Most importantly, he delineated what’s needed to fix things: attitude change, an increase in accessibility, and quotas for disabled talent. He announced that he and his fellow disabled artists, Genevieve Barr and Katie Player have founded a pressure group called Underlying Health Condition to try to hold the industry accountable and to try to “make every space accessible and create rules for the building of further spaces.”
I don’t generally put myself into these articles, but I cried a lot watching this. Cried and got angry then got sad again. Because I knew things were bad, but I didn’t know they were that bad. If even a multi-BAFTA winner has to finance his TV series that happen to have disabled characters out of tiny documentary or history funds, what hope is there for me? What hope for my friends, who are disabled and women, or disabled and BIPOC, or disabled and working class, or any combination of the above? How do we even start to have a conversation about privilege and intersectionality, when a whole entire marginalised group don’t even have a seat at the table?

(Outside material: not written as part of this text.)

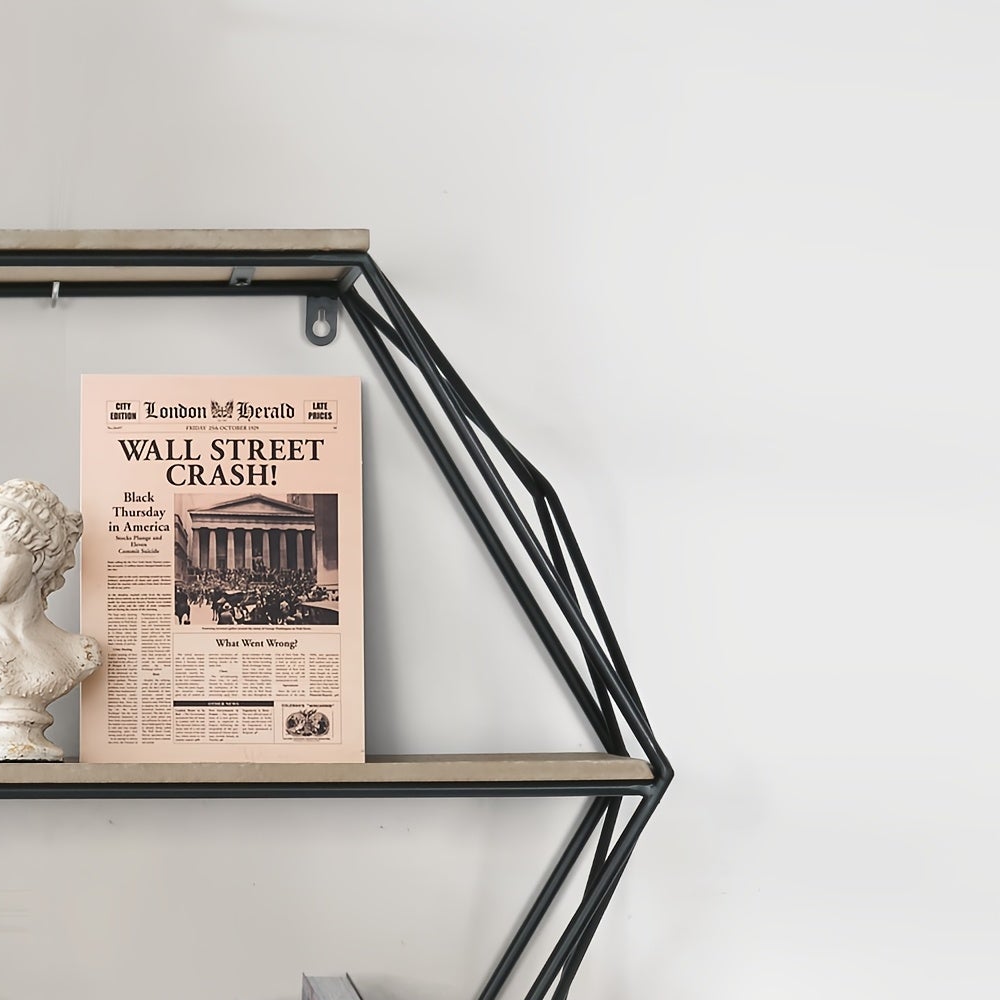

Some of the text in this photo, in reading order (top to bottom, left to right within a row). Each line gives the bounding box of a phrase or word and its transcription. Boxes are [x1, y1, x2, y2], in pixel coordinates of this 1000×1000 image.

Are things any better in theatre? Theatre has certainly been better for me, and the existence of companies like Graeae and the sheer number of disabled theatre companies in the UK suggests that this industry is better at carving out space for disabled artists. But ableism and lack of access are still major problems in theatre. Theatre has traditionally been a major pipeline into TV, with many of our most exciting screenwriters coming in via theatre. But if that pipeline is blocked to an entire category of writers, TV’s crucial role as what Thorne describes as an “empathy machine” will be jaundiced. And let’s face it, there’s no money in theatre.
Still, Thorne’s words clearly had an effect, creating a firestorm on social media, in the industry press, and a whole two articles in the Guardian. The following day, Channel 4’s Director of Programming, Ian Katz announced that, “On the back of Jack Thorne’s MacTaggart Lecture, [he] commits to commissioning at least one major drama in 2022 from a disabled writer.” As I sarcastically remarked on Twitter, “Really excited for the opportunity to cage fight all other disabled writers for the ONE TV commission an entire huge diverse group of people is allowed.” But maybe it’ll come down to who screams the loudest.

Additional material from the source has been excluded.